### RECORDS PROVIDED
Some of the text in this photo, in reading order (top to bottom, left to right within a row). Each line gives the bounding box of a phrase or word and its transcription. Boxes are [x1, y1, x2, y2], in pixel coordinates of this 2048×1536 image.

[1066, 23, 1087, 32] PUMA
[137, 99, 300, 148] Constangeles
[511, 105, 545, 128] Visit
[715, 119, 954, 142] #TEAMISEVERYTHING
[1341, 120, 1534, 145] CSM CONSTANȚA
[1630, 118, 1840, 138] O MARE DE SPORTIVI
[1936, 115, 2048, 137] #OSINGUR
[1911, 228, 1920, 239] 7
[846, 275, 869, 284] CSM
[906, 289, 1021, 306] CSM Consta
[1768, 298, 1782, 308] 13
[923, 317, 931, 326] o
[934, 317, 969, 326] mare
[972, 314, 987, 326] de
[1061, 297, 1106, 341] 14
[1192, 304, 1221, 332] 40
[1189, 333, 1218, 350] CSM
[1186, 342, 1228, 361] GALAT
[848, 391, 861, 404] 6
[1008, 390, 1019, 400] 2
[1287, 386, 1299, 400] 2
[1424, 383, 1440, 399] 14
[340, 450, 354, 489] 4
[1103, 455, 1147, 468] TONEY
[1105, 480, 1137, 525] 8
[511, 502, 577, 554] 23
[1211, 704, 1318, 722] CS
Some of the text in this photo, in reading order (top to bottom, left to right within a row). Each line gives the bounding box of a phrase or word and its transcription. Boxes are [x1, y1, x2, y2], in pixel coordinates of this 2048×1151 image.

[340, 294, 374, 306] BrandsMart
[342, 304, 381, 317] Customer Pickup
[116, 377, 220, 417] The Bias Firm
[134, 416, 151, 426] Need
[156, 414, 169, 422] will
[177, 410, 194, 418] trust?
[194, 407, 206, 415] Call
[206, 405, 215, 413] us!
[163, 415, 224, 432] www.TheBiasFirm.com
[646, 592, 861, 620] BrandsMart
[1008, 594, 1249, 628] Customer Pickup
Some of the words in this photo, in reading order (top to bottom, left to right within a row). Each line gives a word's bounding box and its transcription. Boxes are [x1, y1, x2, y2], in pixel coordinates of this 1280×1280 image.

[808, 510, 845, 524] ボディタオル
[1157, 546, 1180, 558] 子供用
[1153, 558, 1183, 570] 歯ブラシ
######
[TASK OBJECTIVE] All lines from the line containing "Some of the words" through the last line of the data are to be repeated exactly; no other line belongs in the answer.

[SOLUTION FOR THIS TASK]
Some of the words in this photo, in reading order (top to bottom, left to right within a row). Each line gives a word's bounding box and its transcription. Boxes are [x1, y1, x2, y2], in pixel coordinates of this 1280×1280 image.

[808, 510, 845, 524] ボディタオル
[1157, 546, 1180, 558] 子供用
[1153, 558, 1183, 570] 歯ブラシ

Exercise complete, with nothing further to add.